* **ABOUT THIS EXERCISE**
Please transcribe the listing below in full and word for word, without its pictures.

******************************

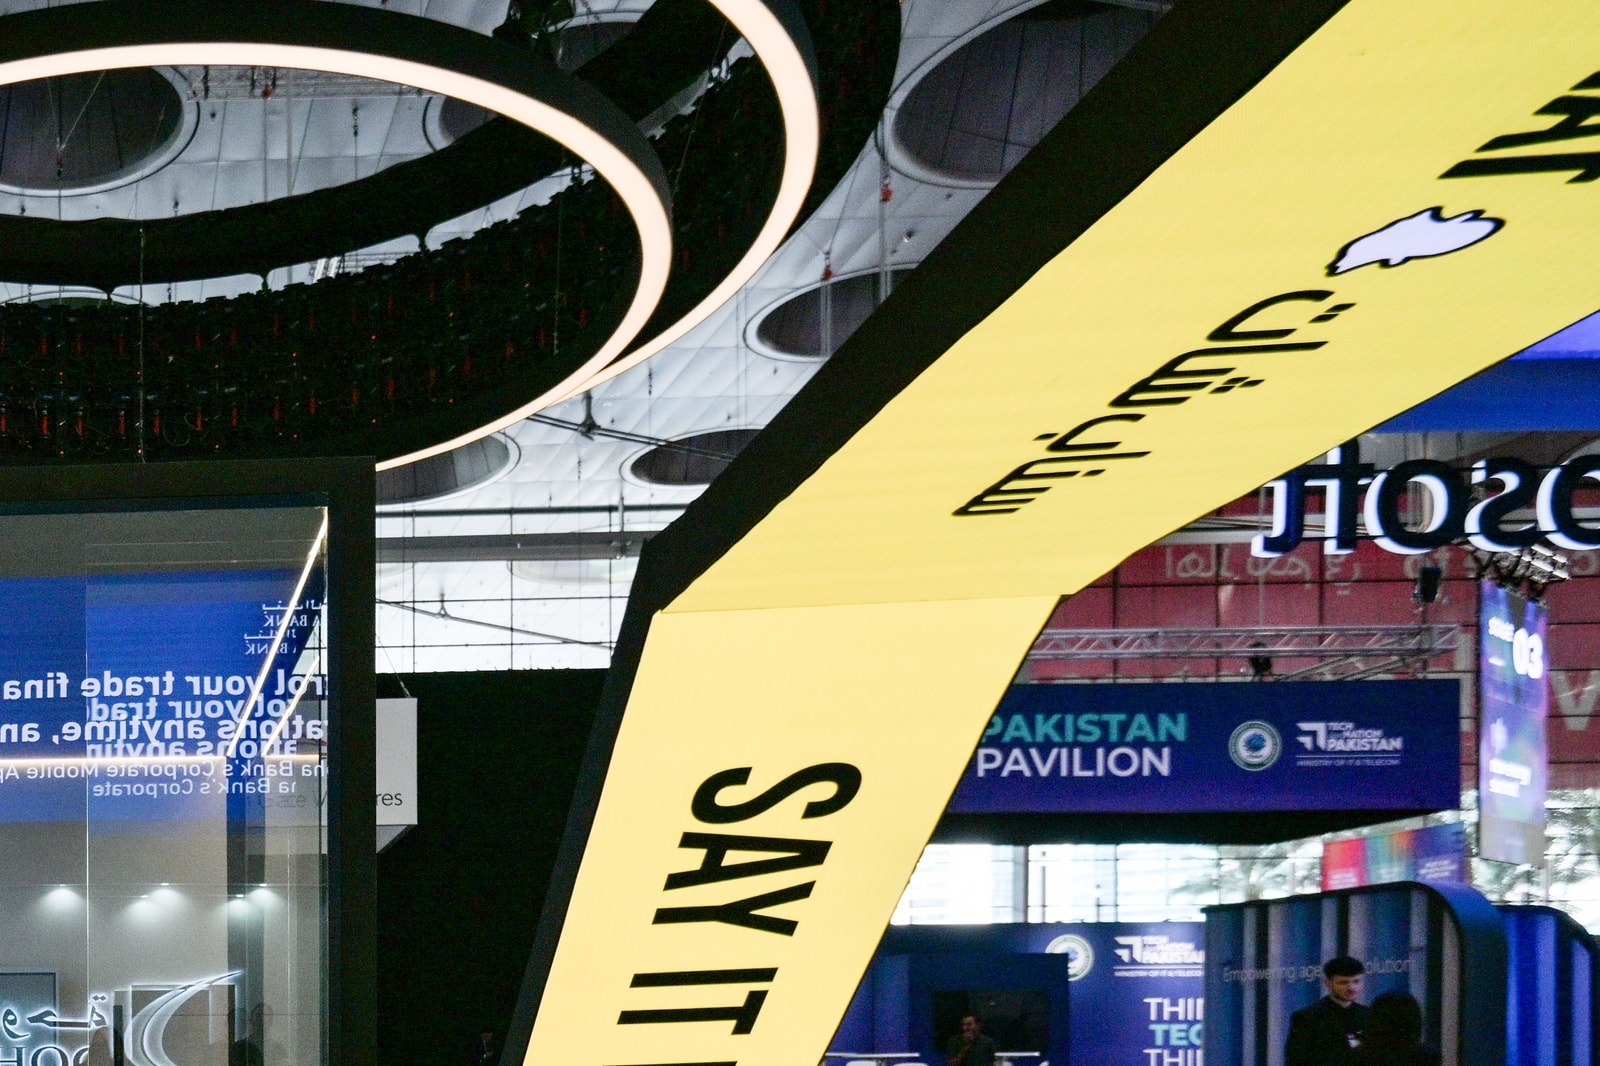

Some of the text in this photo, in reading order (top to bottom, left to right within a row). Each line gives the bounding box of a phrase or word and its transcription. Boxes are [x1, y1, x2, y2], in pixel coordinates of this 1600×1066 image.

[982, 711, 1189, 744] PAKISTAN
[1327, 737, 1403, 752] PAKISTAN
[976, 746, 1171, 778] PAVILION
[651, 761, 863, 937] SAY
[616, 966, 780, 1036] IT
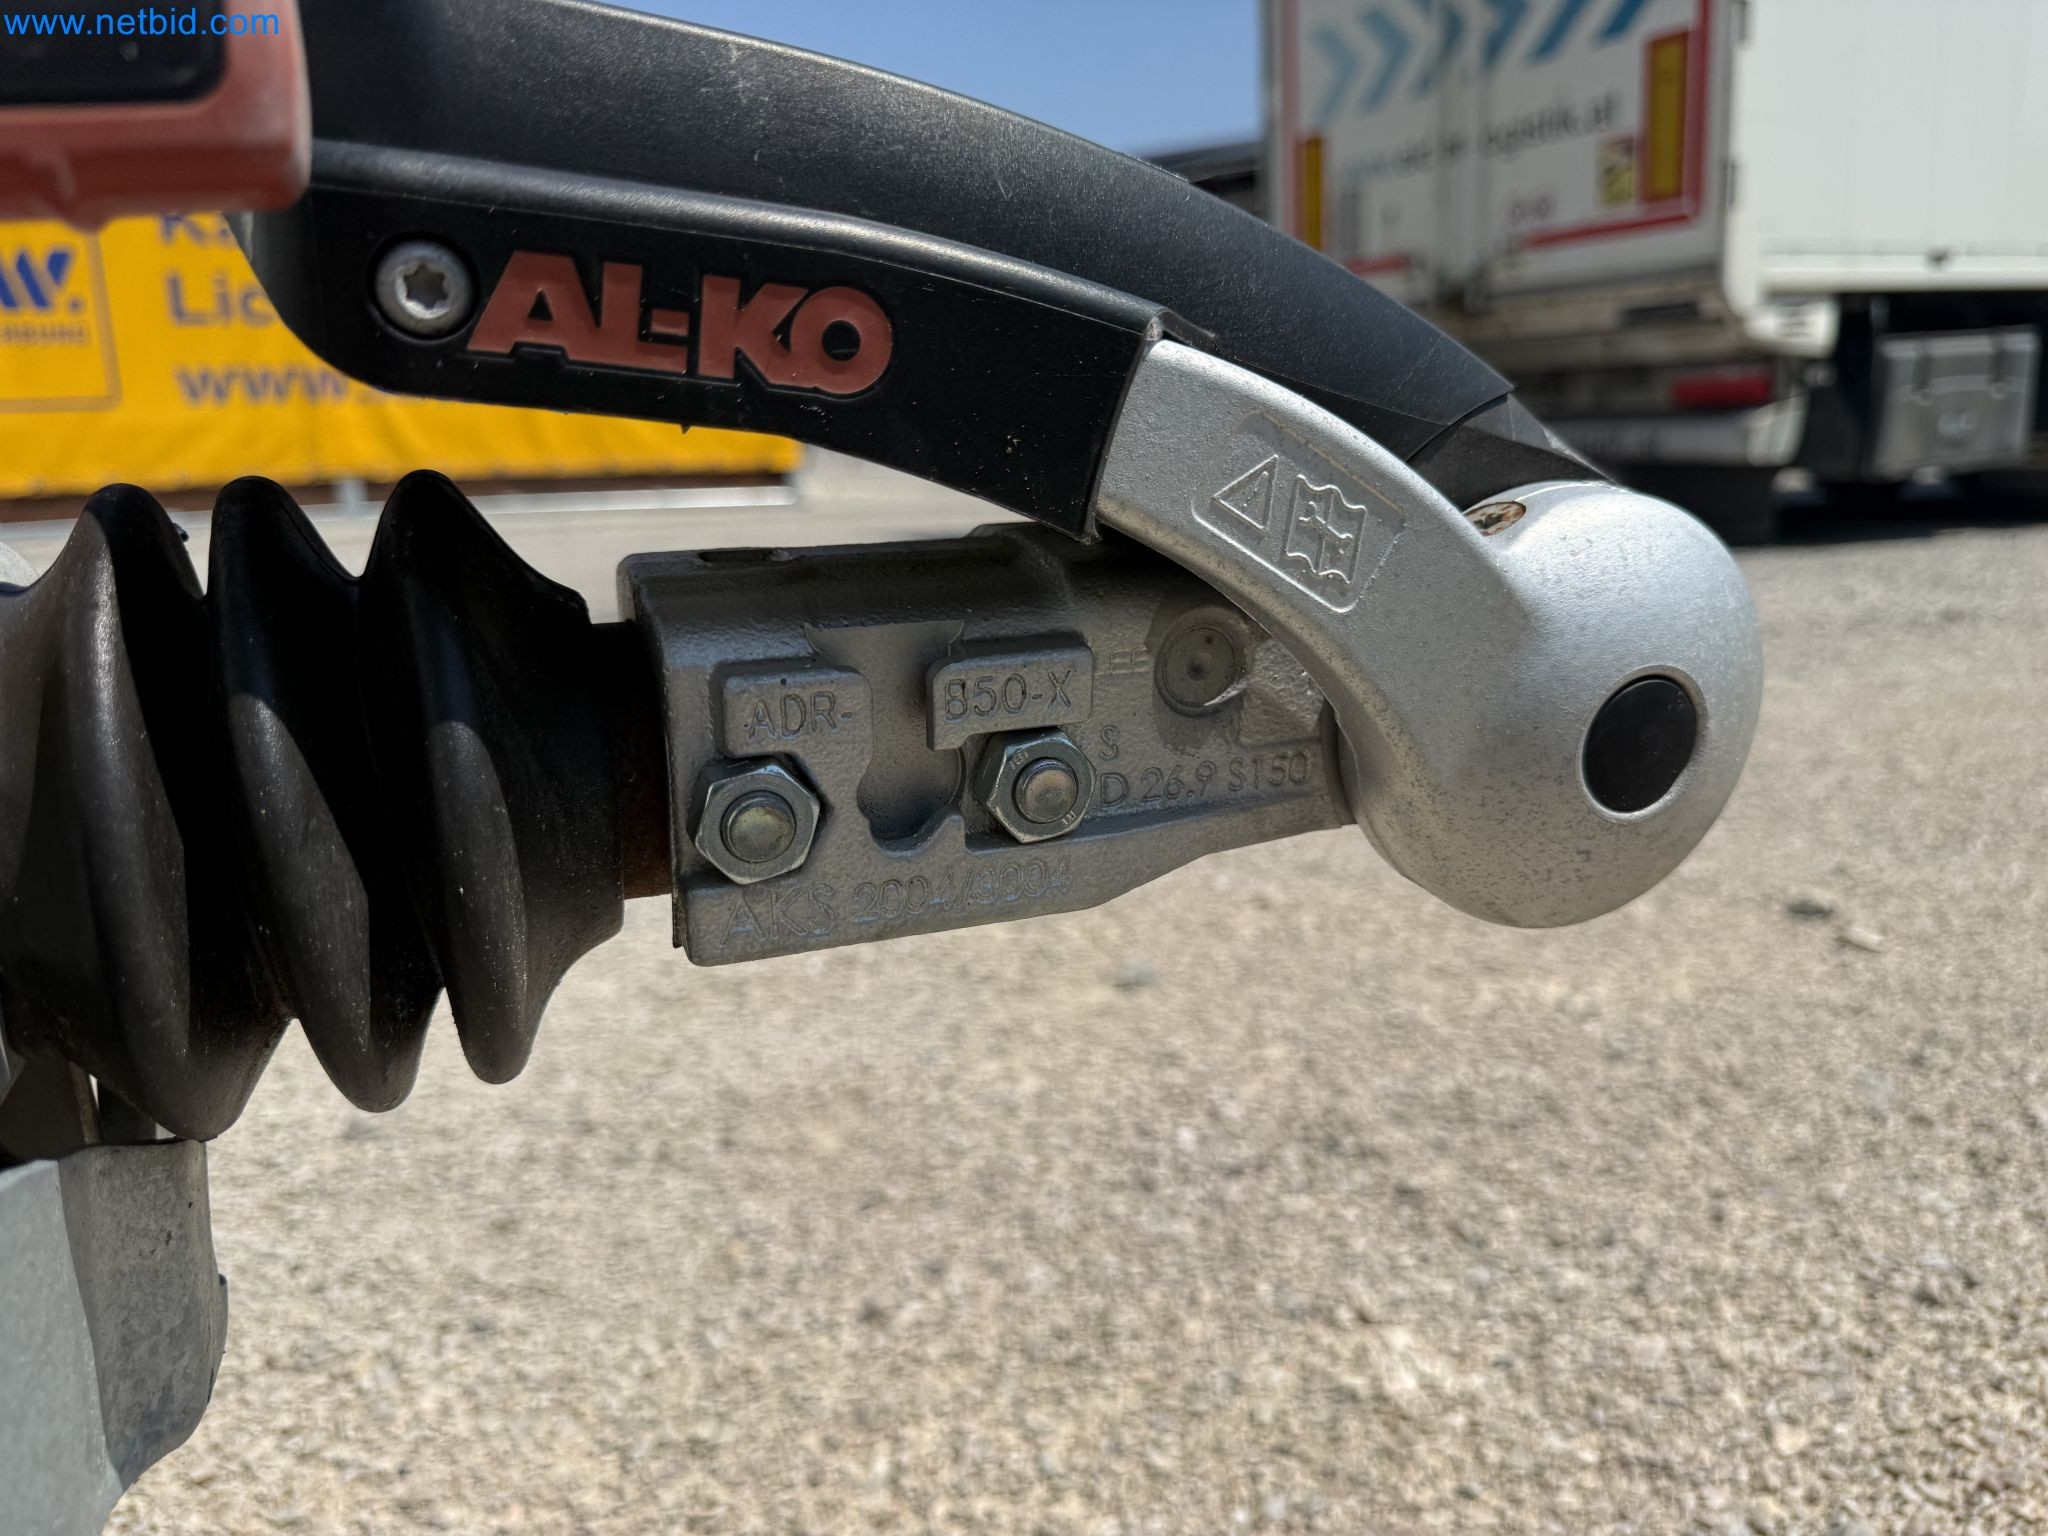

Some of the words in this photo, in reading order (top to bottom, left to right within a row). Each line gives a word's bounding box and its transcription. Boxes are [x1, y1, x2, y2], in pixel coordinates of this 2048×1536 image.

[467, 250, 892, 395] AL-KO
[748, 690, 854, 741] ADR-
[719, 882, 838, 946] AKS

******************************

* **PROBLEM SOLUTION**
Some of the text in this photo, in reading order (top to bottom, left to right within a row). Each line gives the bounding box of a phrase or word and its transcription. Boxes are [x1, y1, x2, y2], in pixel coordinates of this 1600×1066 image.

[982, 711, 1189, 744] PAKISTAN
[1327, 737, 1403, 752] PAKISTAN
[976, 746, 1171, 778] PAVILION
[651, 761, 863, 937] SAY
[616, 966, 780, 1036] IT

Some of the words in this photo, in reading order (top to bottom, left to right within a row). Each line gives a word's bounding box and its transcription. Boxes are [x1, y1, x2, y2], in pixel coordinates of this 2048×1536 image.

[467, 250, 892, 395] AL-KO
[748, 690, 854, 741] ADR-
[719, 882, 838, 946] AKS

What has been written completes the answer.